Examples of extremophile species:
| Factor | Example environment / source | Limits | Organisms |
| High temperature | Hydrothermal vents | 110 °C (230 °F) to 122 °C (252 °F) | Pyrolobus fumarii, Pyrococcus furiosus, Methanopyrus kandlerii |
| Low temperature | Permafrost | −20 °C (−4 °F) to −25 °C (−13 °F) | Rhodotorula glutinis |
| Alkaline waters | Soda lakes | pH ~11 | Psychrobacter, Vibrio, Arthrobacter, Natronobacterium |
| Acidic waters | Volcanism and acid mine drainage | pH 0.06 to 1.0 | Picrophilus oshimae |
| Ionizing radiation | Cosmic rays and NORMs | 1,500 to 6,000 Gy | Deinococcus radiodurans, Rubrobacter, Thermococcus gammatolerans |
| UV radiation | The Sun | 5,000 J/m^{2} |
| High pressures | Mariana Trench | 1,100 bar | Pyrococcus, Colwellia |
| High salinity waters | Soda lakes and Saline lakes | a_{w} ~ 0.6 | Halobacteriaceae, Dunaliella salina, Vibrio |
| Desiccation | Atacama Desert (Chile), McMurdo Dry Valleys (Antarctica) | ~60% relative humidity | Chroococcidiopsis |

===Polyextremophiles===
There are many classes of extremophiles that range all around the globe; each corresponding to the way its environmental niche differs from mesophilic conditions. These classifications are not exclusive. Many extremophiles fall under multiple categories and are classified as polyextremophiles. For example, organisms living inside hot rocks deep under Earth's surface are thermophilic and piezophilic such as Thermococcus barophilus. A polyextremophile living at the summit of a mountain in the Atacama Desert might be a radioresistant xerophile, a psychrophile, and an oligotroph. Polyextremophiles are well known for their ability to tolerate both high and low pH levels. Note that "tolerant" or "resistant" organisms are not necessarily extremophiles: tolerant or resistant organisms may survive despite harsh conditions instead of thriving in harsh conditions. For example, the tardigrade (Tardigrada spp.), despite being highly resistant to many stresses, is not an extremophile properly speaking.

== In astrobiology ==
Astrobiology is the multidisciplinary field that investigates how life arises, distributes, and evolves in the universe. Astrobiology makes use of physics, chemistry, astronomy, solar physics, biology, molecular biology, ecology, planetary science, geography, and geology to investigate the possibility of life on other worlds and recognize biospheres that might be different from that on Earth. Astrobiologists are interested in extremophiles, as it allows them to map what is known about the limits of life on Earth to potential extraterrestrial environments For example, analogous deserts of Antarctica are exposed to harmful UV radiation, low temperature, high salt concentration and low mineral concentration. These conditions are similar to those on Mars. Therefore, finding viable microbes in the subsurface of Antarctica suggests that there may be microbes surviving in endolithic communities and living under the Martian surface. Research indicates it is unlikely that Martian microbes exist on the surface or at shallow depths, but may be found at subsurface depths of around 100 meters.

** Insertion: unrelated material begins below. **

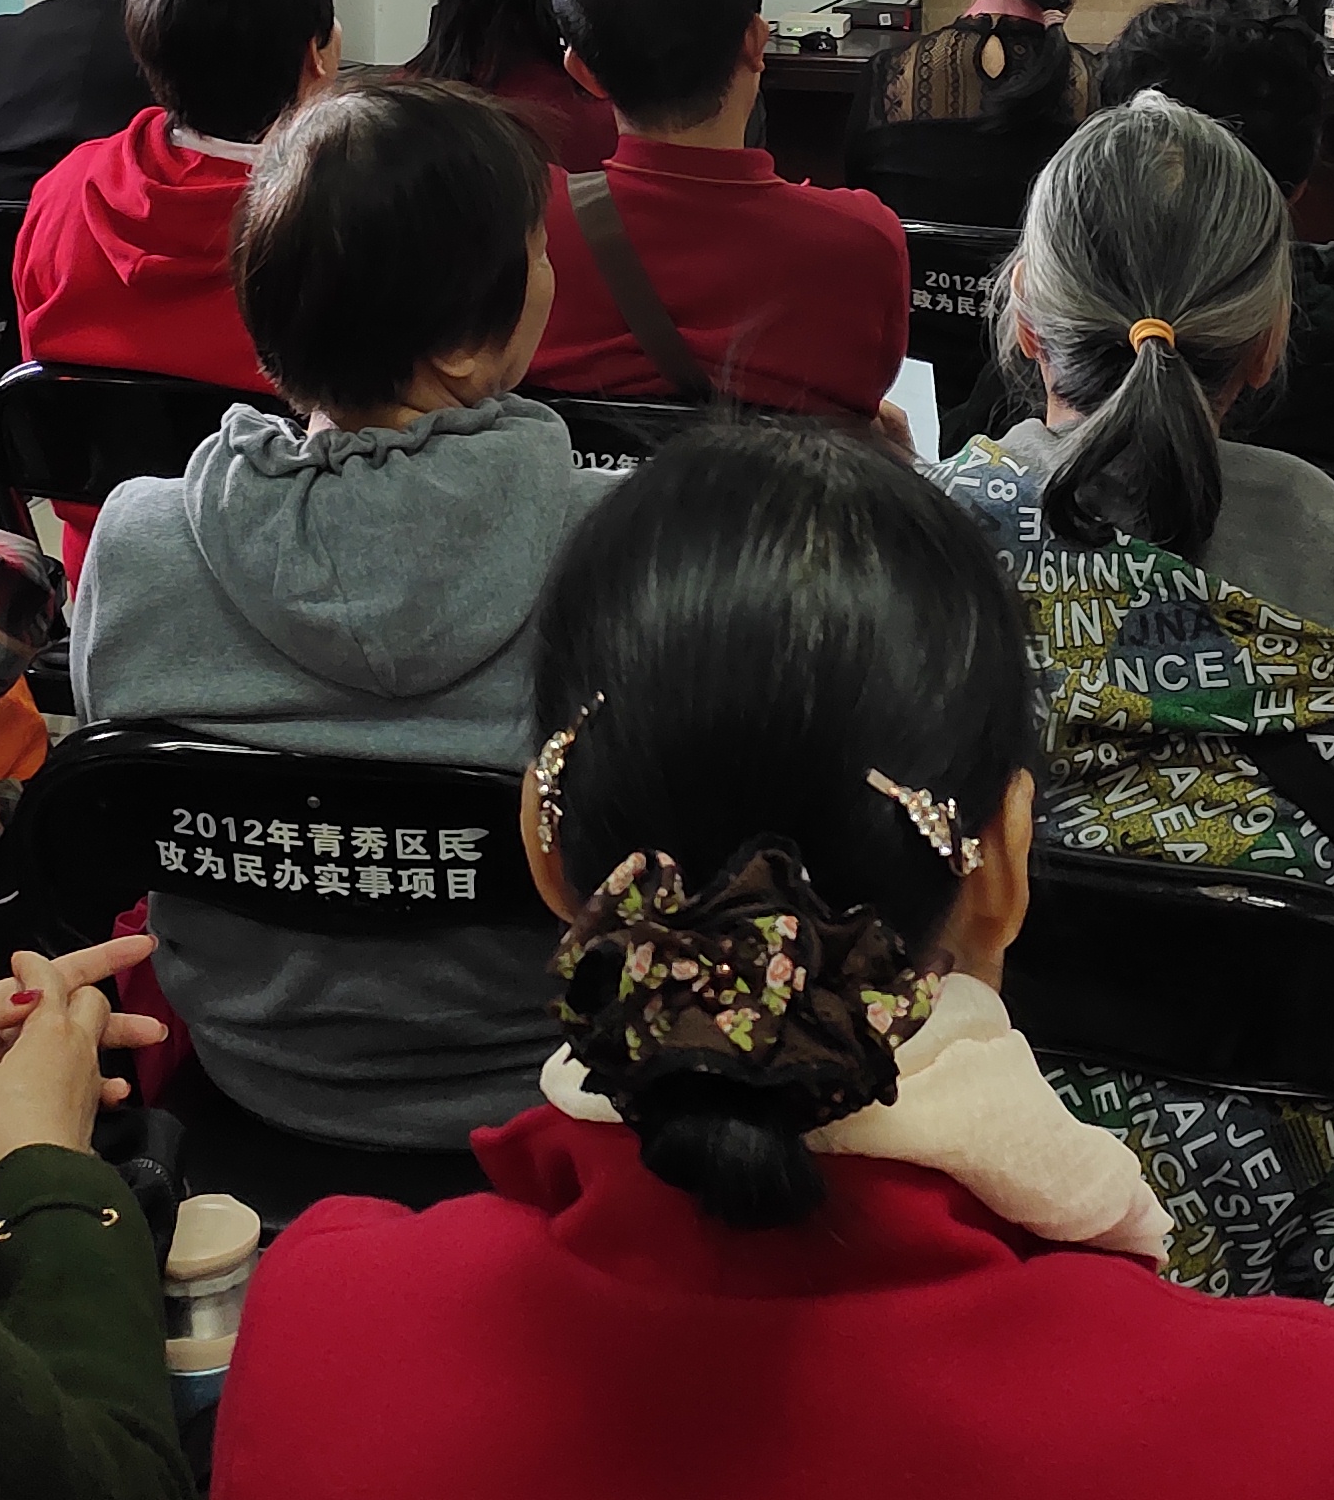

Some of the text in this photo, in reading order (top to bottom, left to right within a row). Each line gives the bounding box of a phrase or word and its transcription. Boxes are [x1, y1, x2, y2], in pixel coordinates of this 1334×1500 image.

[172, 808, 490, 862] 2012年青秀区民

Recent research carried out on extremophiles in Japan involved a variety of bacteria including Escherichia coli and Paracoccus denitrificans being subject to conditions of extreme gravity. The bacteria were cultivated while being rotated in an ultracentrifuge at high speeds corresponding to 403,627 g (i.e. 403,627 times the gravity experienced on Earth). P. denitrificans was one of the bacteria which displayed not only survival but also robust cellular growth under these conditions of hyperacceleration which are usually found only in cosmic environments, such as on very massive stars or in the shock waves of supernovas. Analysis showed that the small size of prokaryotic cells is essential for successful growth under hypergravity. The research has implications on the feasibility of panspermia.

On 26 April 2012, scientists reported that lichen survived and showed remarkable results on the adaptation capacity of photosynthetic activity within the simulation time of 34 days under some conditions similar to those on Mars in the Mars Simulation Laboratory (MSL) maintained by the German Aerospace Center (DLR).

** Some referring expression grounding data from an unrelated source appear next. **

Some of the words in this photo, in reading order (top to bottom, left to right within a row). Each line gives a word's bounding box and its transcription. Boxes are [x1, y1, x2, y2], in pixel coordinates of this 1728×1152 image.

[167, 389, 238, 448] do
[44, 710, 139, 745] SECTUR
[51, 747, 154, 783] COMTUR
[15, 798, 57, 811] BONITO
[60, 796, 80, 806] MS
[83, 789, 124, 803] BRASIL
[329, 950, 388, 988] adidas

On 29 April 2013, scientists at Rensselaer Polytechnic Institute, funded by NASA, reported that, during spaceflight on the International Space Station, microbes seem to adapt to the space environment in ways "not observed on Earth" and in ways that "can lead to increases in growth and virulence".

On 19 May 2014, scientists announced that some microbes, like Tersicoccus phoenicis, may be resistant to methods usually used in spacecraft assembly clean rooms, giving rise to speculation that such microbes could have withstood space travel and are present on the Curiosity rover now on the planet Mars.

On 20 August 2014, scientists confirmed the existence of microorganisms living half a mile below the ice of Antarctica.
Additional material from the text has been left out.